Nesta coluna, vamos estudar o problema dos abusos praticados no mercado de consumo. Assim como na primeira parte, a jurisprudência do STJ dará o norte das ideias aqui lançadas, mas sempre se considerando a respeitável opinião doutrinária. Esse é, diga-se de passagem, um dos aspectos que, ao meu sentir, deve ser prestigiado pela magistratura: o diálogo entre doutrina e jurisprudência é muito relevante para o aperfeiçoamento da jurisdição e para os estudos acadêmicos. Tal preocupação é evidente em todo o trabalho da Rede de Pesquisa de Direito Civil Contemporâneo e esta coluna é um espaço muito privilegiado para esse fim.  

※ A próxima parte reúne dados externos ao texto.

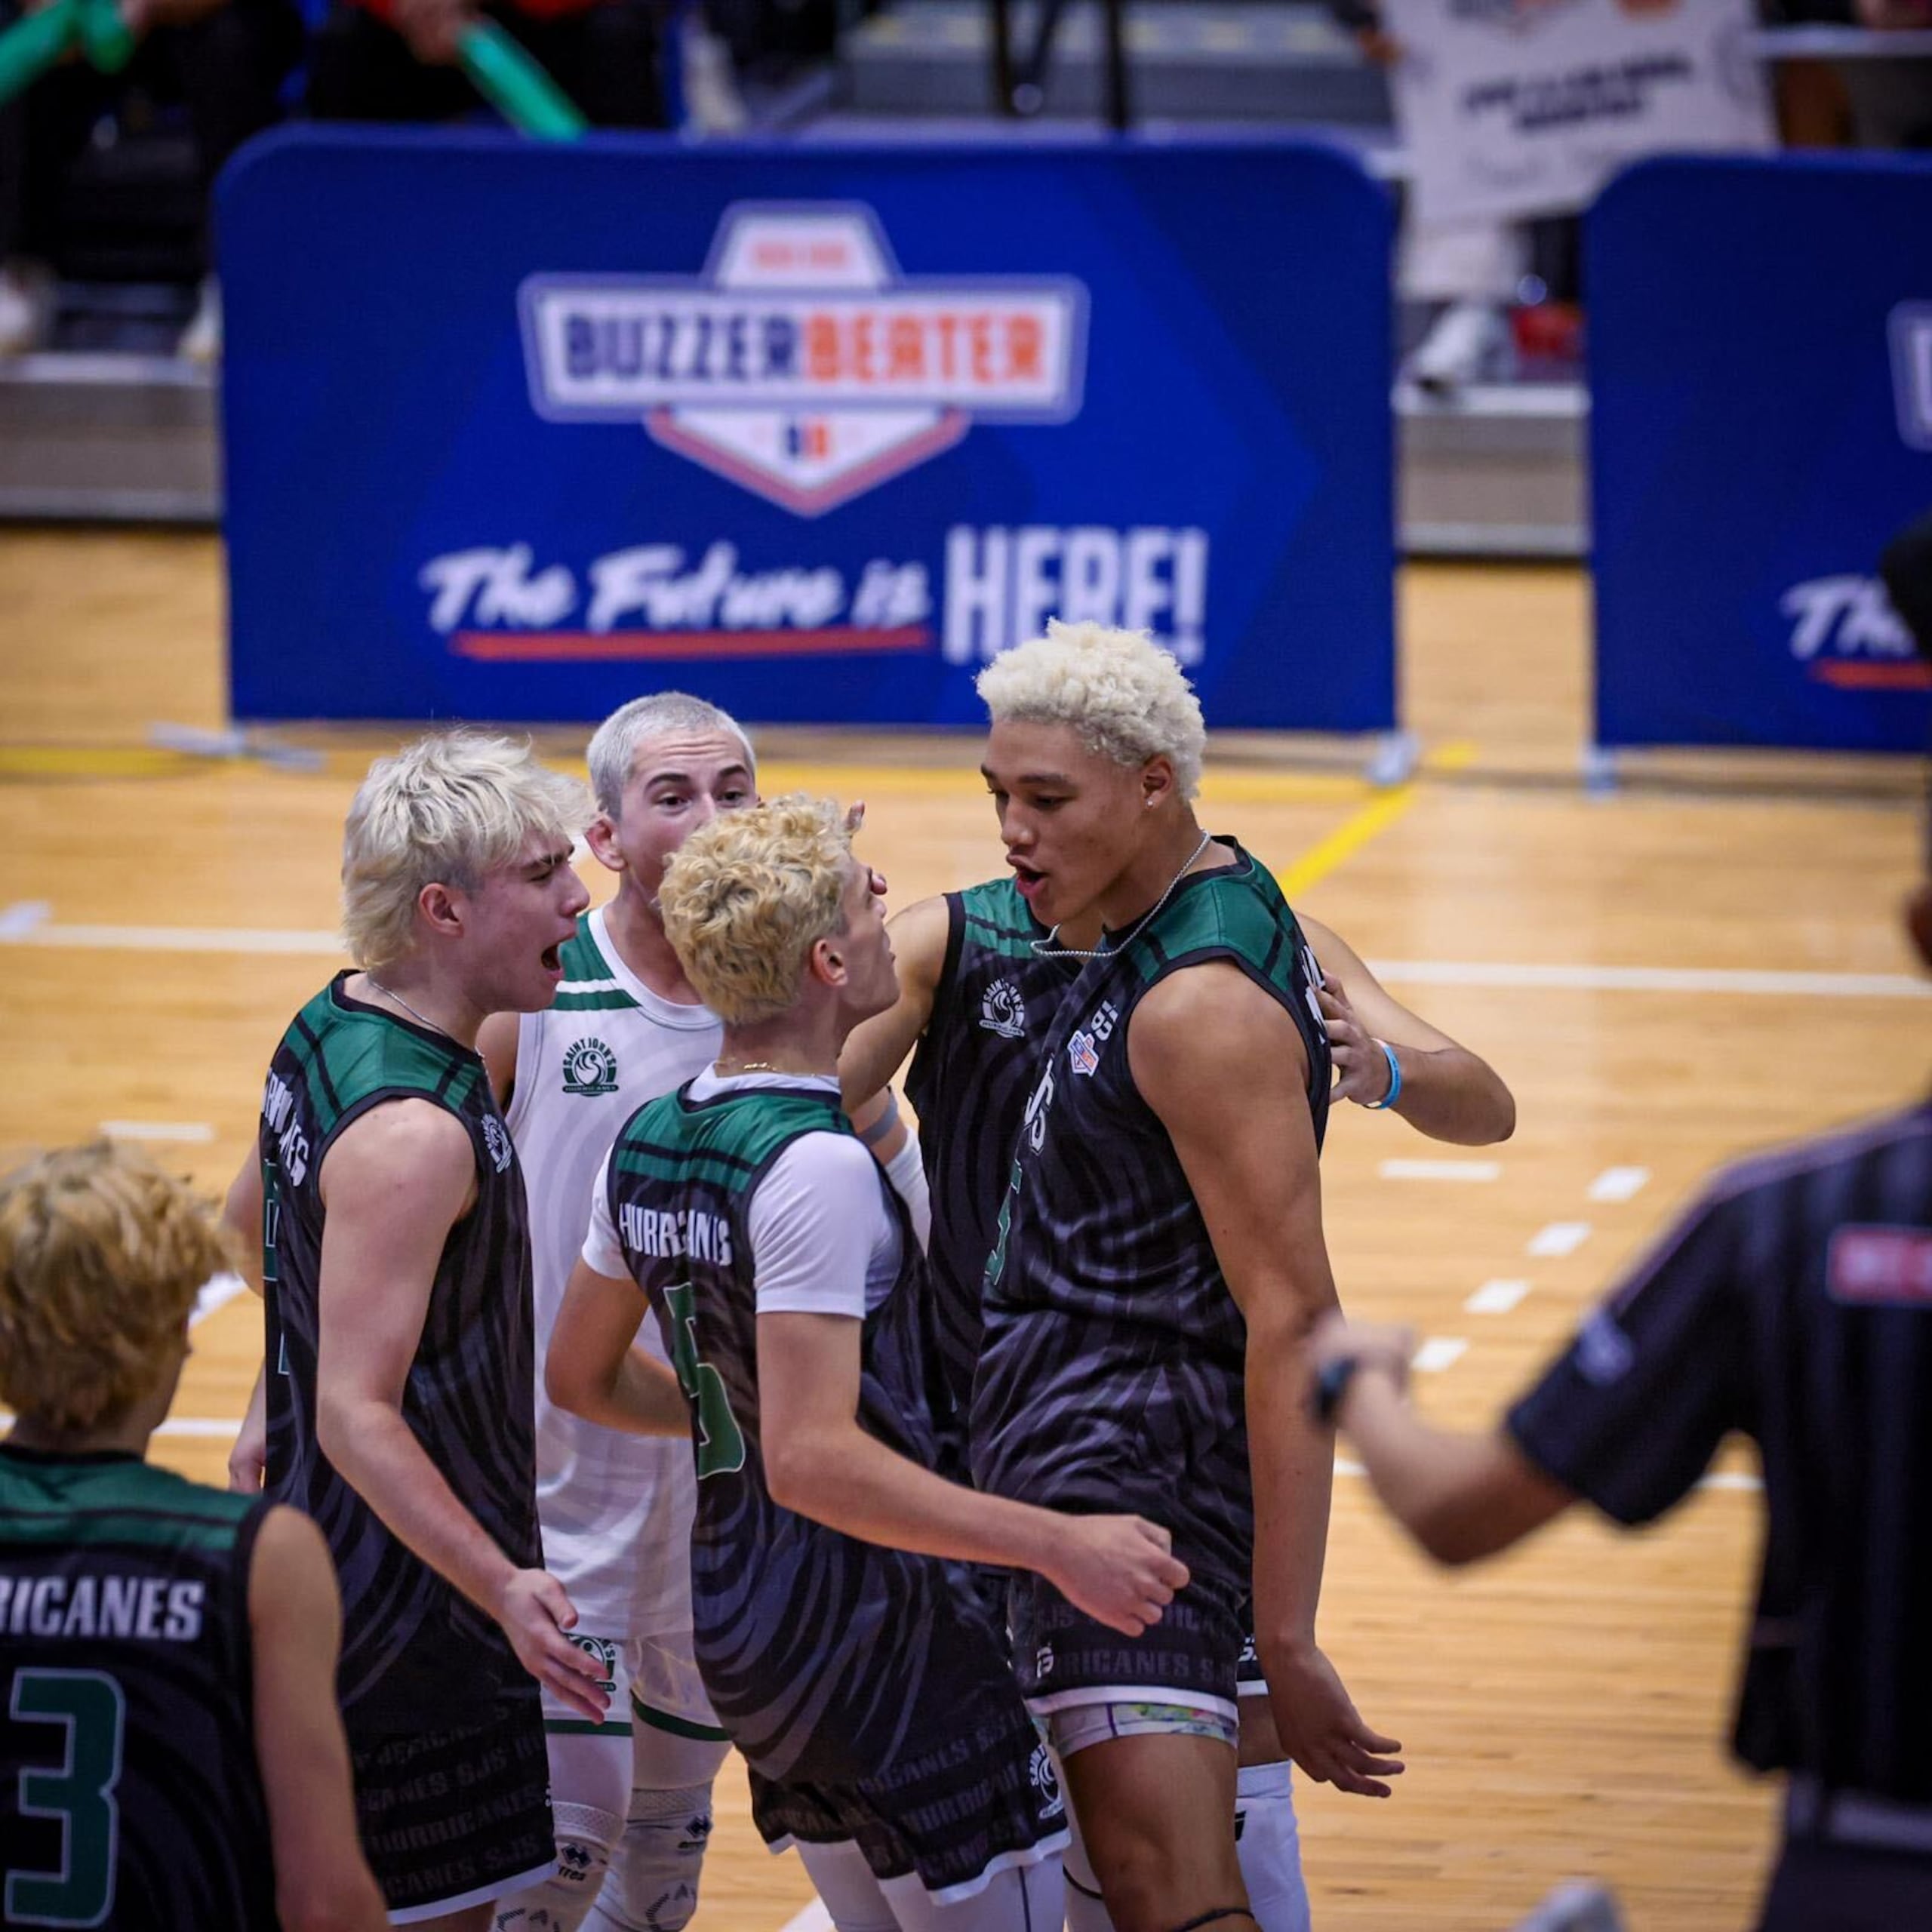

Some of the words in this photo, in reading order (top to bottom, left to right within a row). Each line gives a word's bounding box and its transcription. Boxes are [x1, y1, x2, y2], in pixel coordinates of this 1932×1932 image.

[421, 542, 576, 632] The
[590, 540, 844, 634] Future
[851, 558, 930, 629] is
[945, 525, 1207, 664] HERE!
[5, 1667, 126, 1929] 3
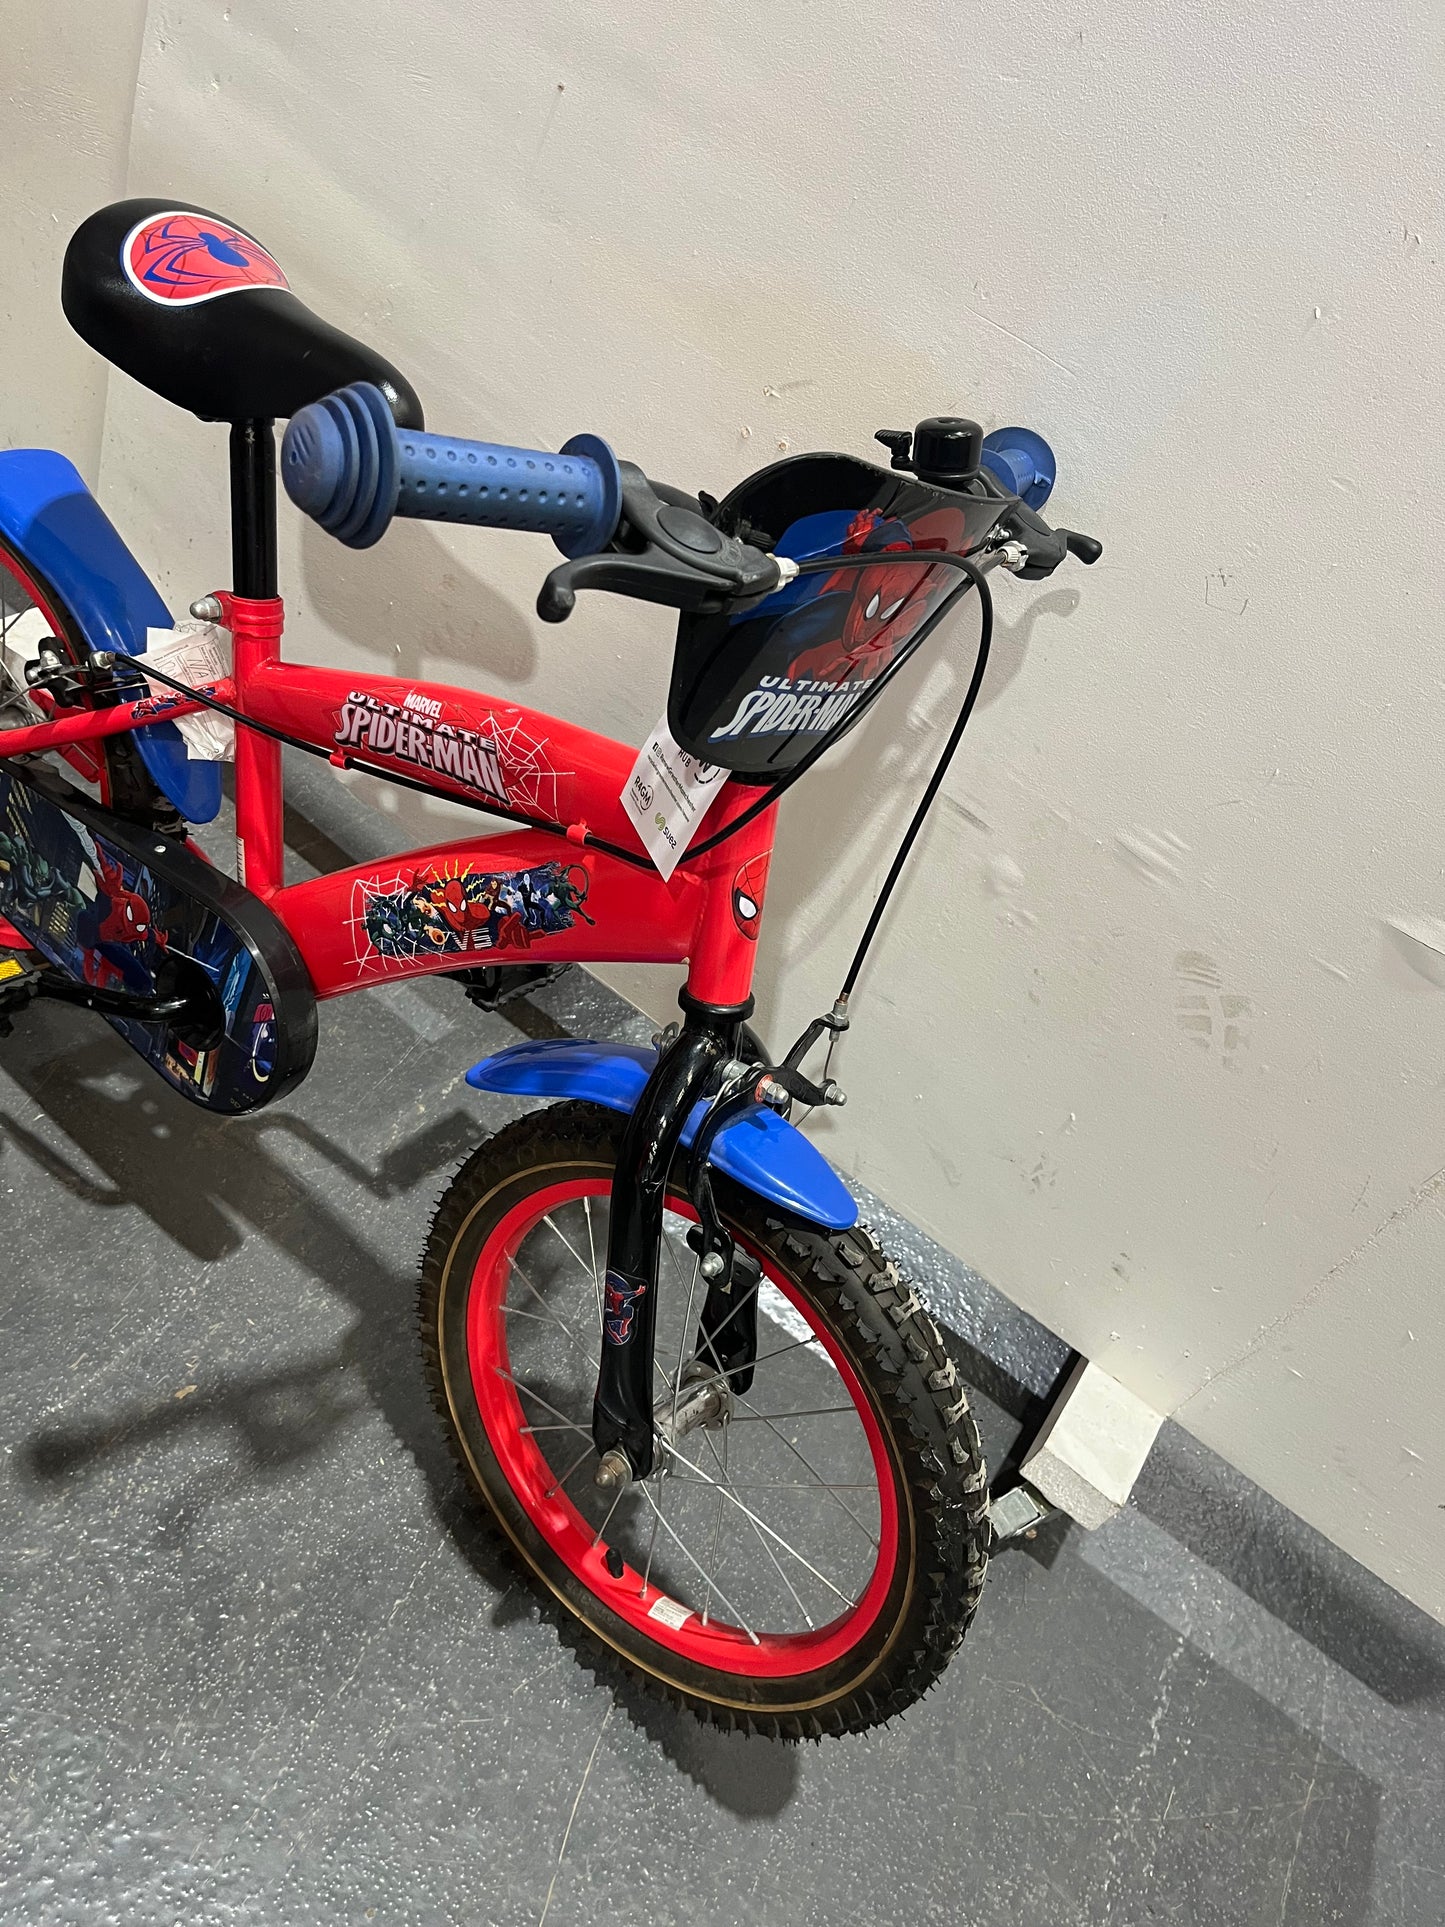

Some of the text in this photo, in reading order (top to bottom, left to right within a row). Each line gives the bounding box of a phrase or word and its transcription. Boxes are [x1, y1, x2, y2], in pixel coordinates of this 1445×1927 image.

[759, 675, 875, 693] ULTIMATE
[403, 690, 442, 717] MARVEL
[347, 691, 495, 750] ULTIMATE
[334, 703, 512, 804] SPIDER-MAN
[678, 748, 692, 768] HUB
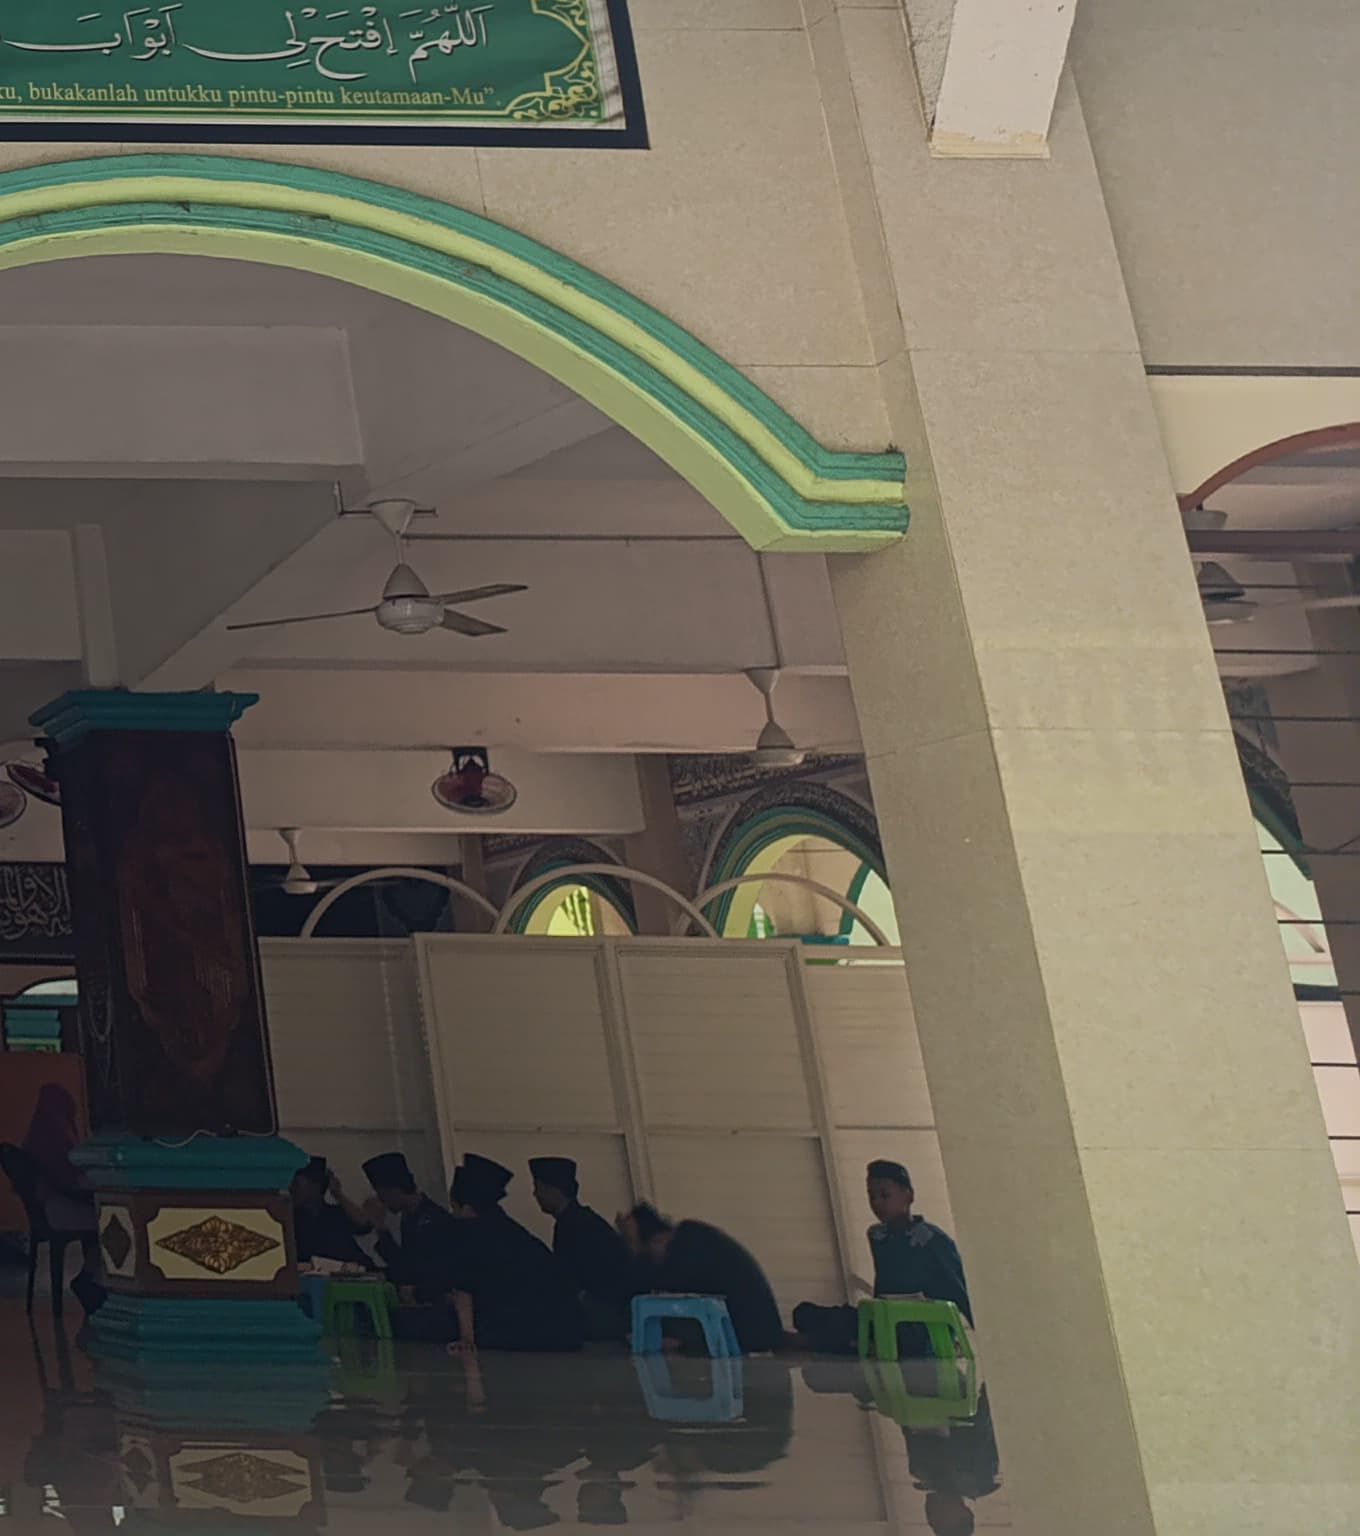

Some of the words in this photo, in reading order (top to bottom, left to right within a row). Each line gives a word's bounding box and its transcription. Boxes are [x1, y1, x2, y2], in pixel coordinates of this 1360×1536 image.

[29, 82, 138, 103] bukakanlah
[144, 85, 222, 104] untukku
[228, 86, 335, 107] pintu-pintu

2. Abusos praticados no mercado de consumo e natureza dos direitos tutelados
Os direitos difusos e coletivos tiveram assento na Constituição de 1988 (art. 129, inc. III), mas foi o Código de Defesa do Consumidor que, posteriormente, se ocupou em defini-los, acrescendo a figura dos direitos individuais homogêneos (art. 81).
Dessa forma, ao cuidar da defesa do consumidor em juízo, o CDC prevê, em seu art. 81, parágrafo único e inc. III, a possibilidade de defesa coletiva em juízo dos interesses ou direitos individuais homogêneos, isto é, aqueles decorrentes de origem comum. Leia-se a redação do dispositivo:
“Art. 81. A defesa dos interesses e direitos dos consumidores e das vítimas poderá ser exercida em juízo individualmente, ou a título coletivo.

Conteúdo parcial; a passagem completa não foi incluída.